The de facto government of Bolivia announces that it is eliminating the visa requirement for the entry of tourists from Israel and the US, another step that changes the policy followed by Morales.
The self-proclaimed interim president of Bolivia, Jeanine Áñez, explained that the cancellation of visas for the US and Israel seeks to open trade and promote tourism, particularly in the northern part of the Andean country.
“We have the need to open ourselves to the world and that does not mean losing our essence, our culture, let alone our identity,” said Áñez.
Insisting that Bolivia needs commercial openness to increase the flow of tourism and requires foreign investments, the self-appointed president highlighted the enormous contributions of Israel and the United States to the development of tourism and investments in all regions in the South American country.
On the other hand, the self-proclaimed Bolivian president critucuzed the mandate of the deposed president, Evo Morales, because Israeli citizens had to apply for visas, generating “damage” to Bolivia.
Morales (2006-2019) was one of the leaders most critical of the Israeli regime, whom he accused of having committed genocide and crimes against humanity against the Palestinian people in the besieged Gaza Strip.

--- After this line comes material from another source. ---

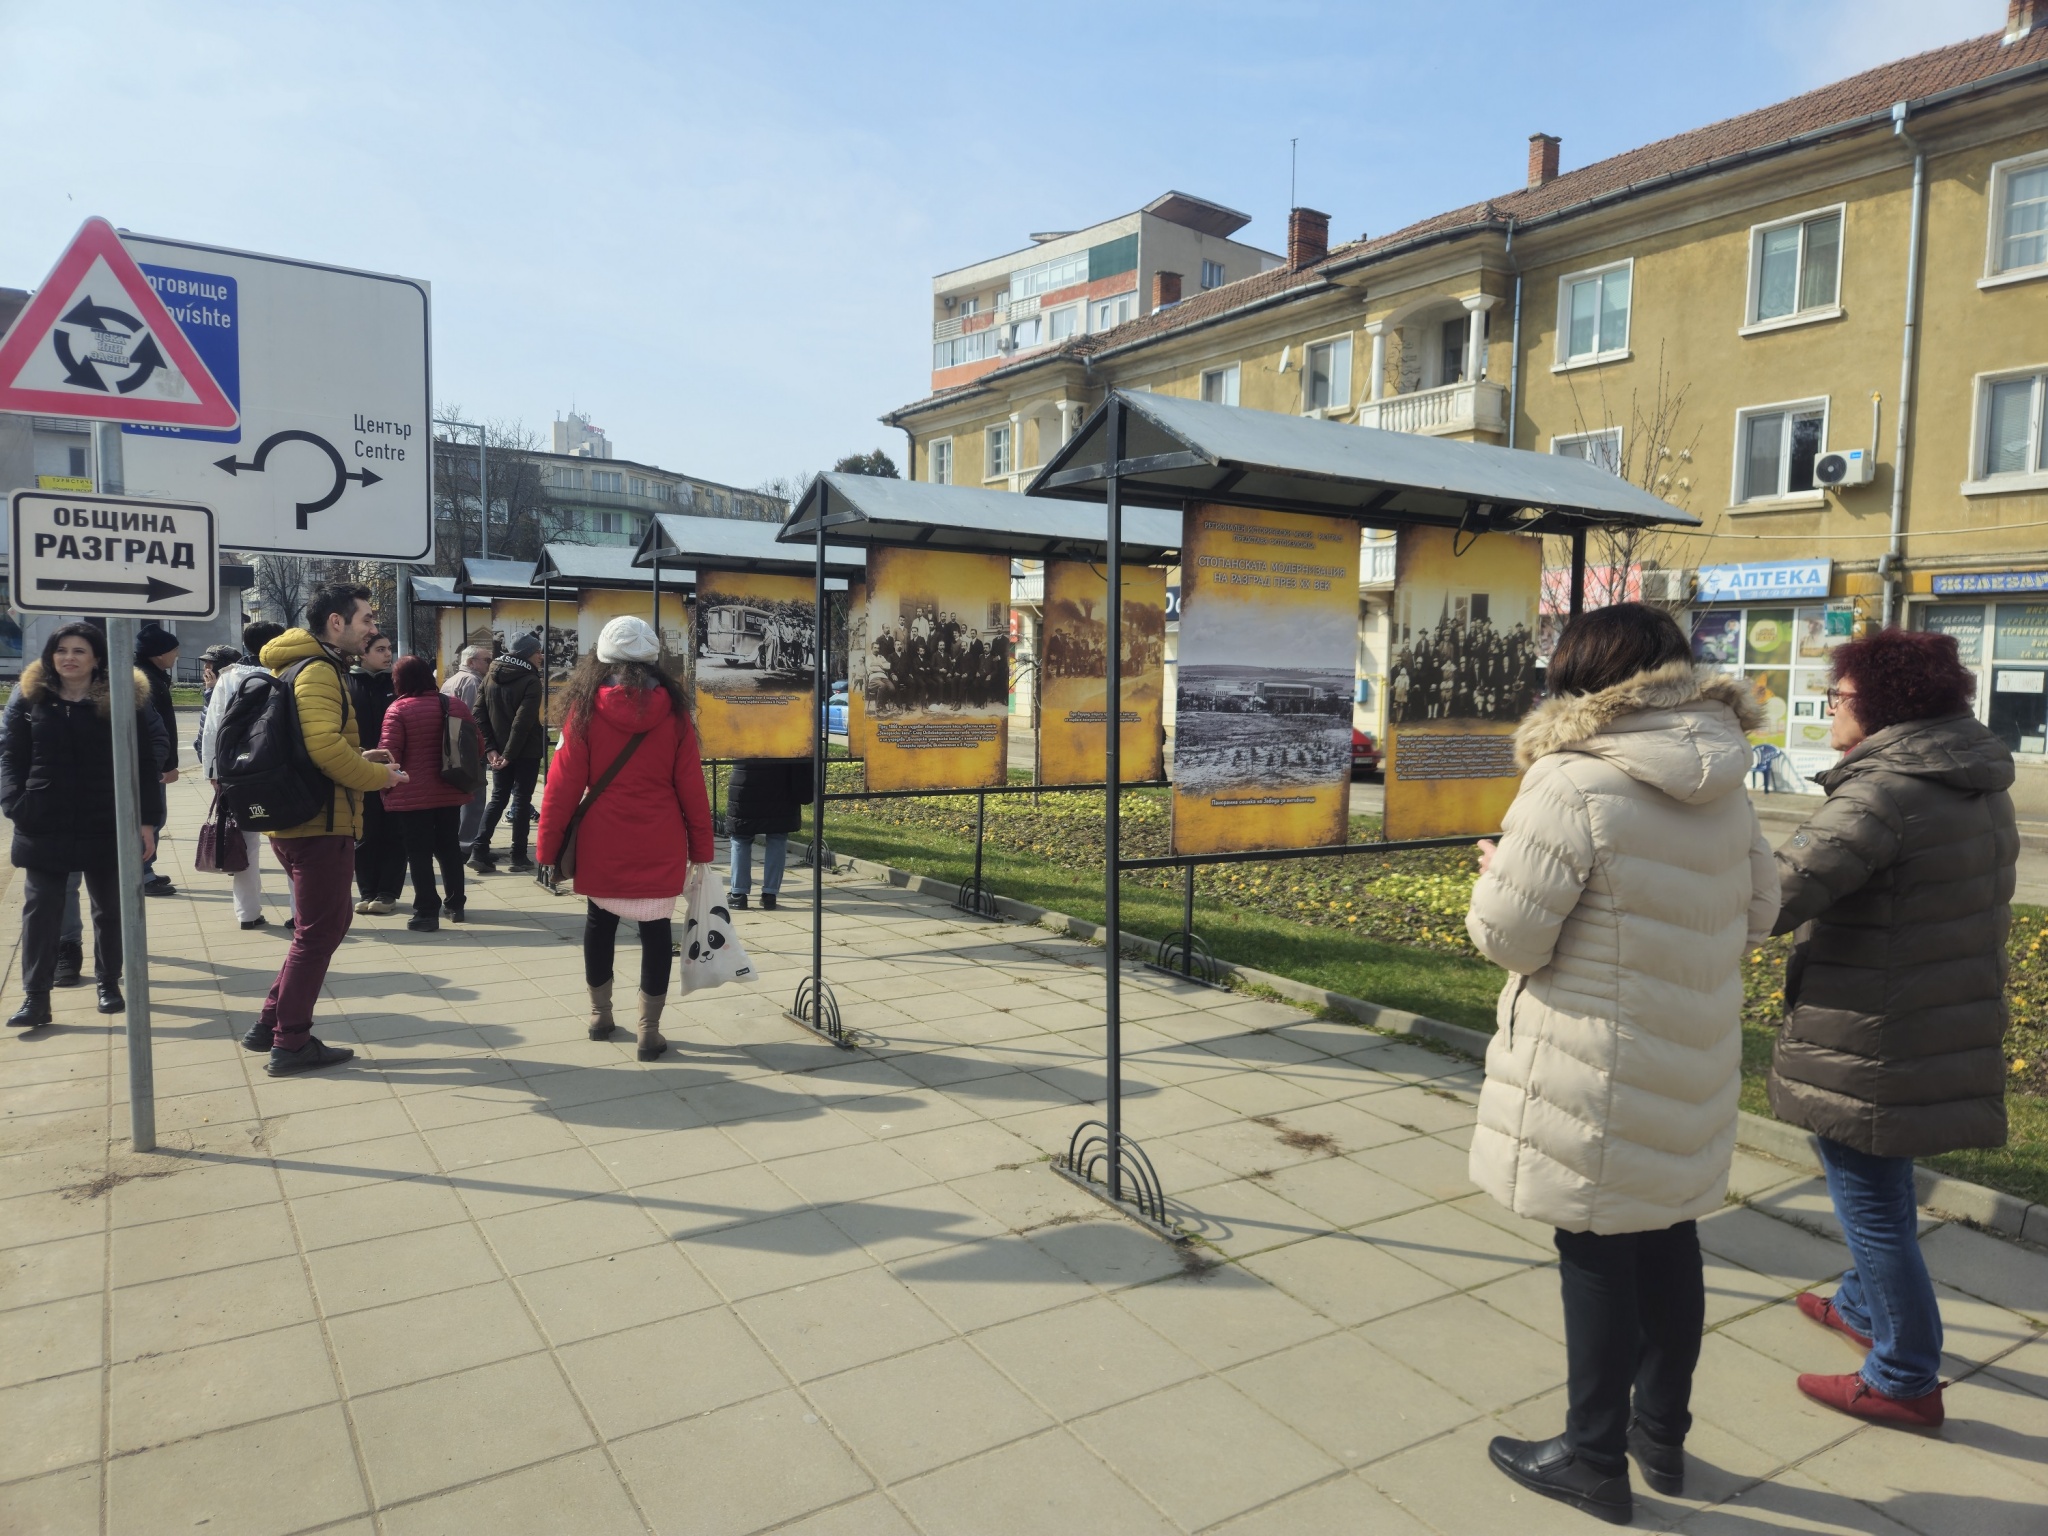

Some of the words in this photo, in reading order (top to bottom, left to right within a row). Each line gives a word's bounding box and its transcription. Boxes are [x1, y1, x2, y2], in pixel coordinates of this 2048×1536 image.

In addition, he recognized Palestine in 2010 as an independent and sovereign State.
Since taking power after a coup d’etat, Áñez has taken radical turns in Bolivia’s foreign policy, with immediate and controversial measures, such as the restoration of ties with Washington and the Tel Aviv regime.
In November, the chancellor of the government imposed in Bolivia, Karen Longaric, declared the resumption of ties with the Israeli regime, which were broken in 2009 by then President Morales.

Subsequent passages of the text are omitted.